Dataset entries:
****************************************
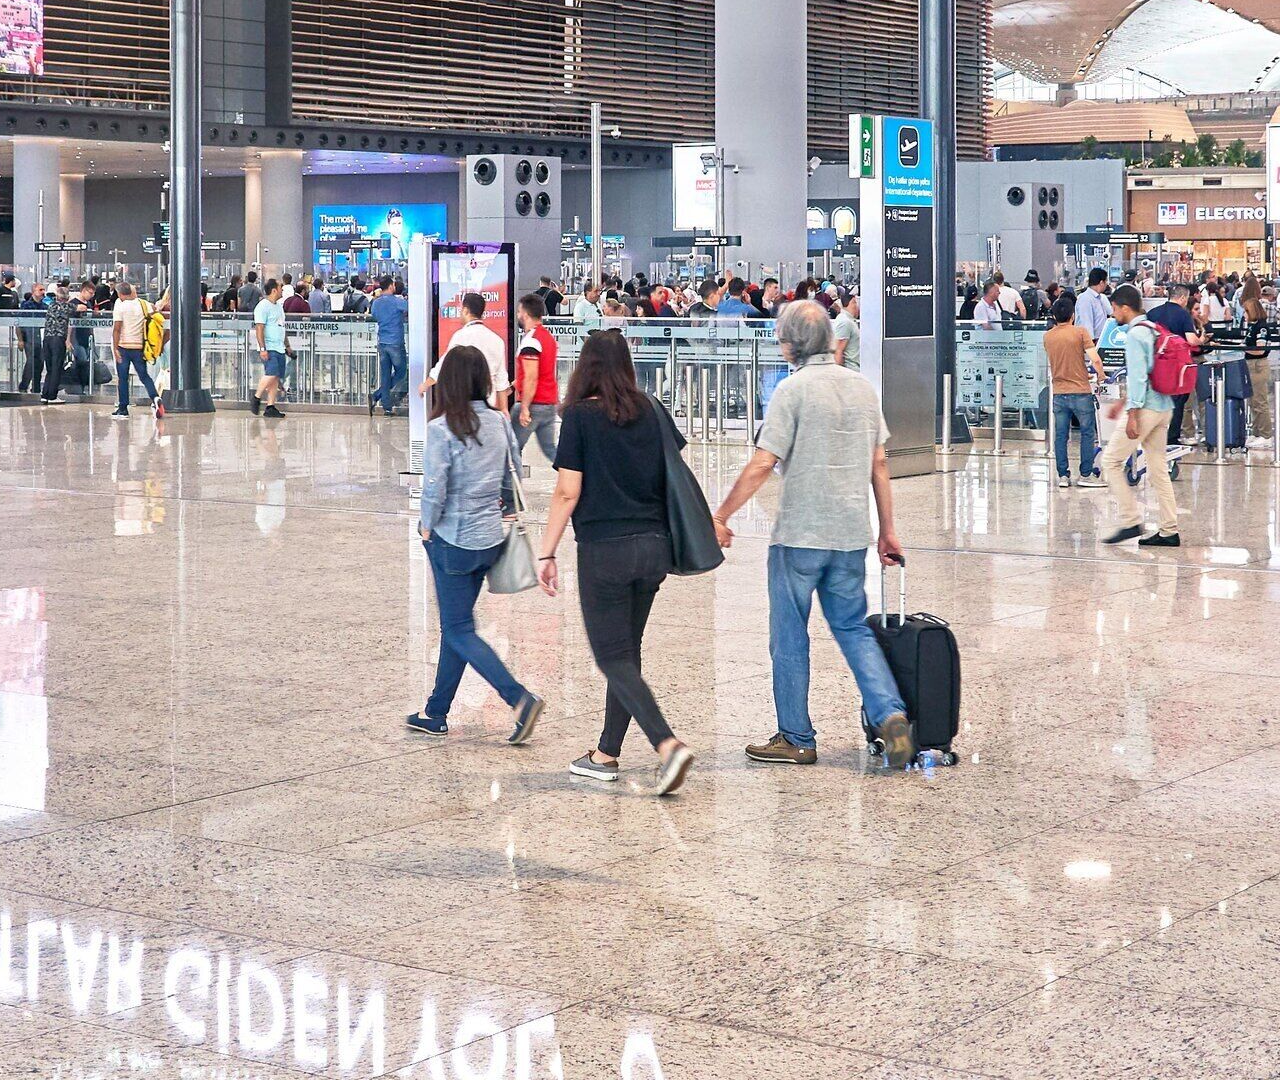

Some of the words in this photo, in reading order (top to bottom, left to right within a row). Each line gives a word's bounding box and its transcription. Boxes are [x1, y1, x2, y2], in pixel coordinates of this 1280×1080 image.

[1195, 207, 1266, 221] ELECTRO
[1139, 235, 1149, 243] 32
[299, 323, 339, 331] DEPARTURES
[555, 327, 578, 335] YOLCU
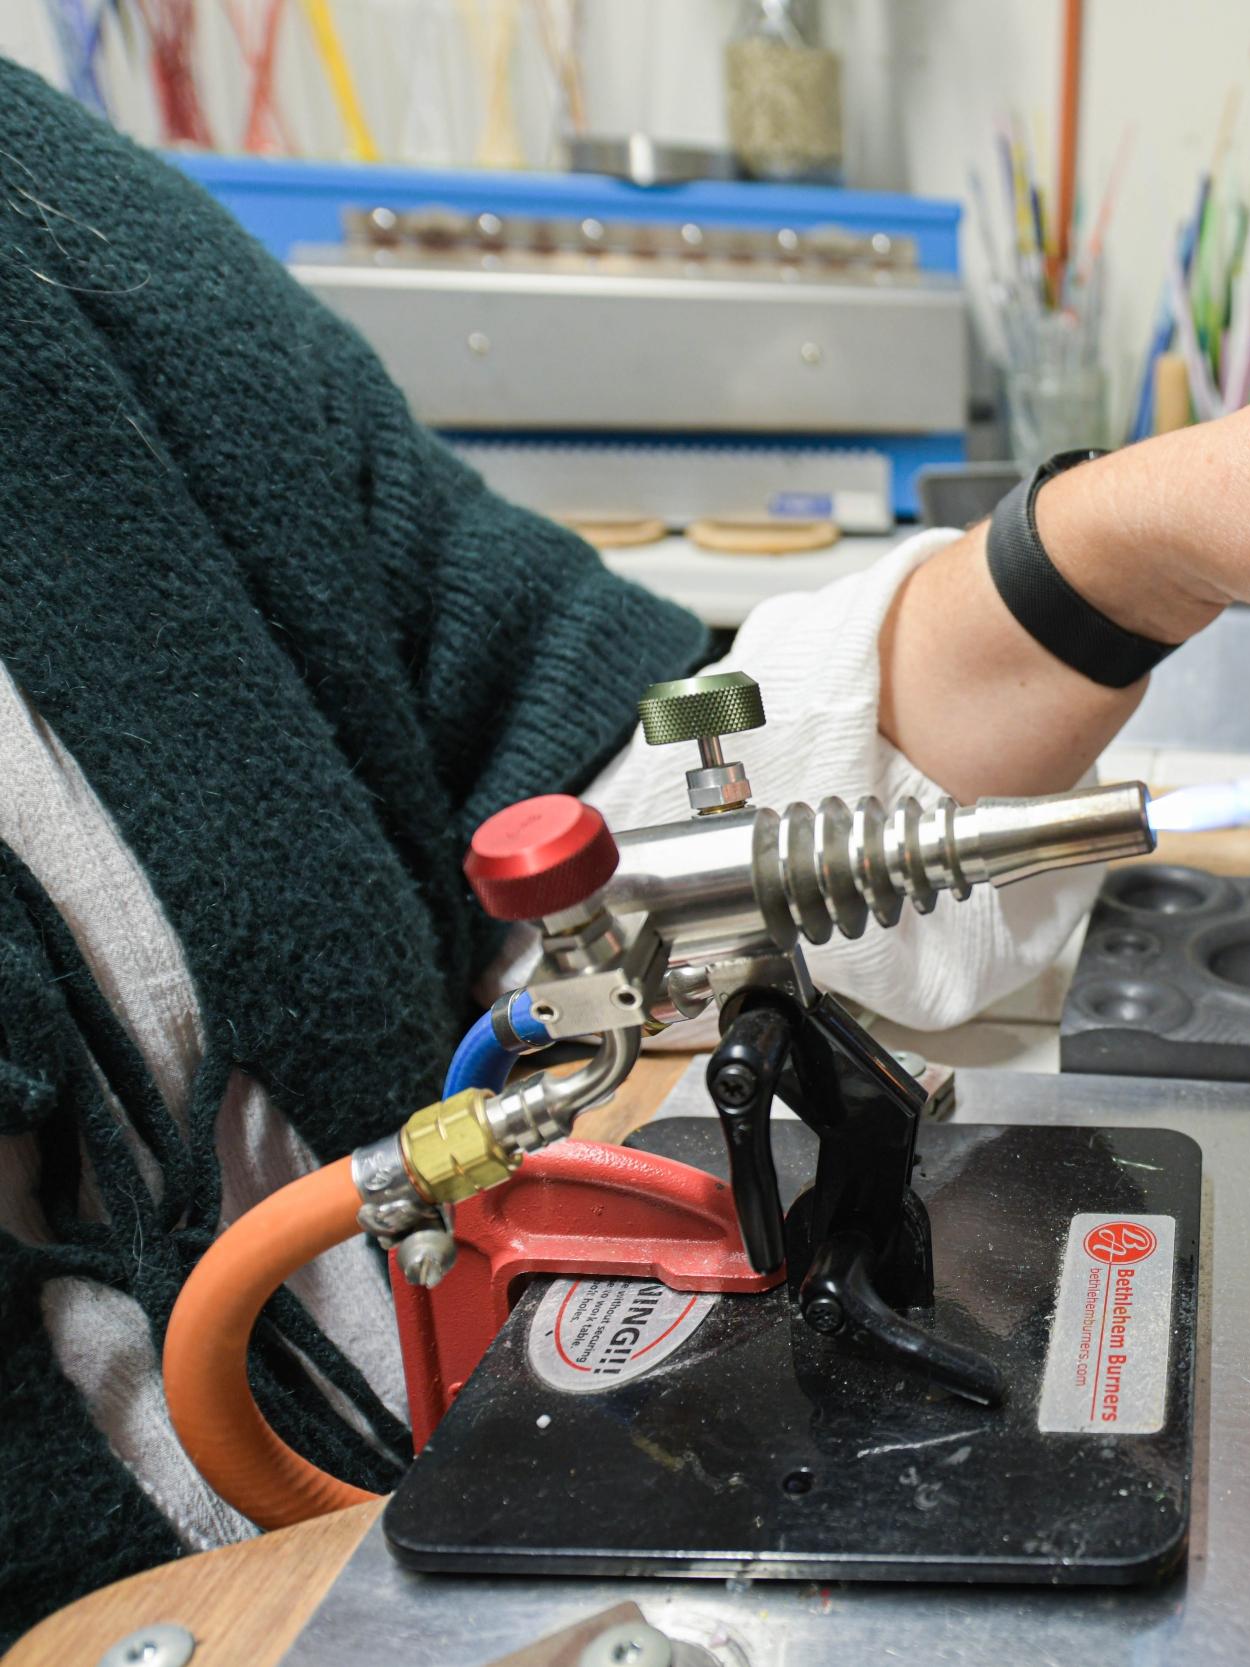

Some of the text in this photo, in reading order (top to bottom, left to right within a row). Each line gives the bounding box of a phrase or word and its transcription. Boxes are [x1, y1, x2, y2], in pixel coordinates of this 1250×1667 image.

[570, 1323, 592, 1349] table.
[576, 1290, 625, 1363] without securing
[586, 1300, 605, 1322] work
[1075, 1268, 1102, 1387] bethlehemburners.com
[1101, 1269, 1135, 1422] Bethlehem Burners
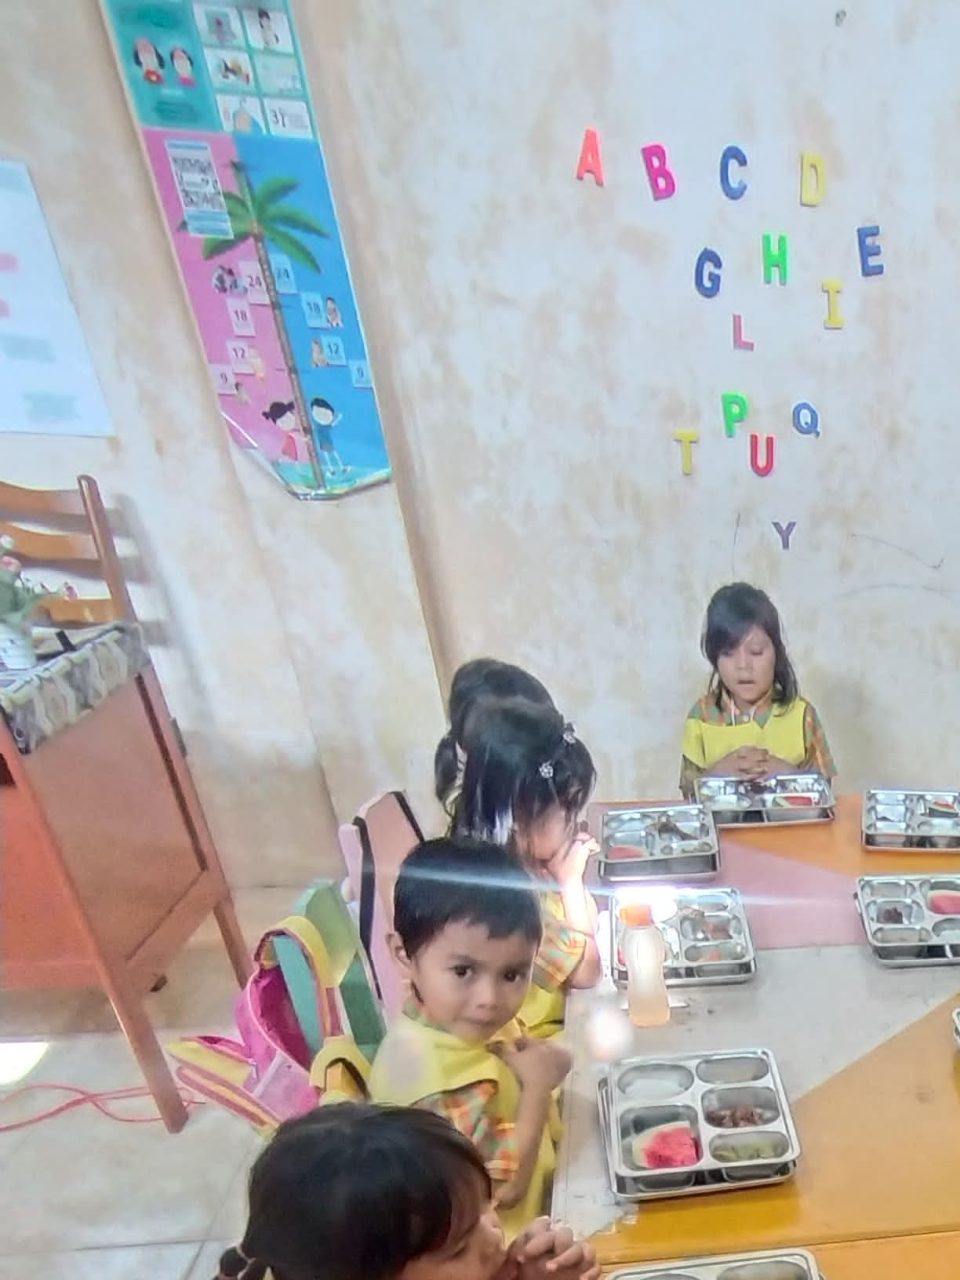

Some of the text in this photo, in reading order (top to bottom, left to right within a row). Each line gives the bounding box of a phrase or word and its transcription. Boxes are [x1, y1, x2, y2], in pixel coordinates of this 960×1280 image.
****************************************
Exercise objective: Return the data word for word without its pictures.

Reply:
Some of the words in this photo, in reading order (top to bottom, left to right within a row). Each line gives a word's bounding box and its transcription. Boxes are [x1, y1, x2, y2], in pixel coordinates of this 1280×1080 image.

[1195, 207, 1266, 221] ELECTRO
[1139, 235, 1149, 243] 32
[299, 323, 339, 331] DEPARTURES
[555, 327, 578, 335] YOLCU

Some of the text in this photo, in reading order (top to bottom, left to right within a row). Each line gives the bounding box of a phrase or word and its transcription. Boxes are [x1, y1, x2, y2], in pixel coordinates of this 1250×1667 image.

[570, 1323, 592, 1349] table.
[576, 1290, 625, 1363] without securing
[586, 1300, 605, 1322] work
[1075, 1268, 1102, 1387] bethlehemburners.com
[1101, 1269, 1135, 1422] Bethlehem Burners

Some of the text in this photo, in reading order (top to bottom, left to right within a row). Each line gives the bounding box of a phrase or word and its transcription. Boxes are [x1, y1, x2, y2], in pixel coordinates of this 960×1280 image.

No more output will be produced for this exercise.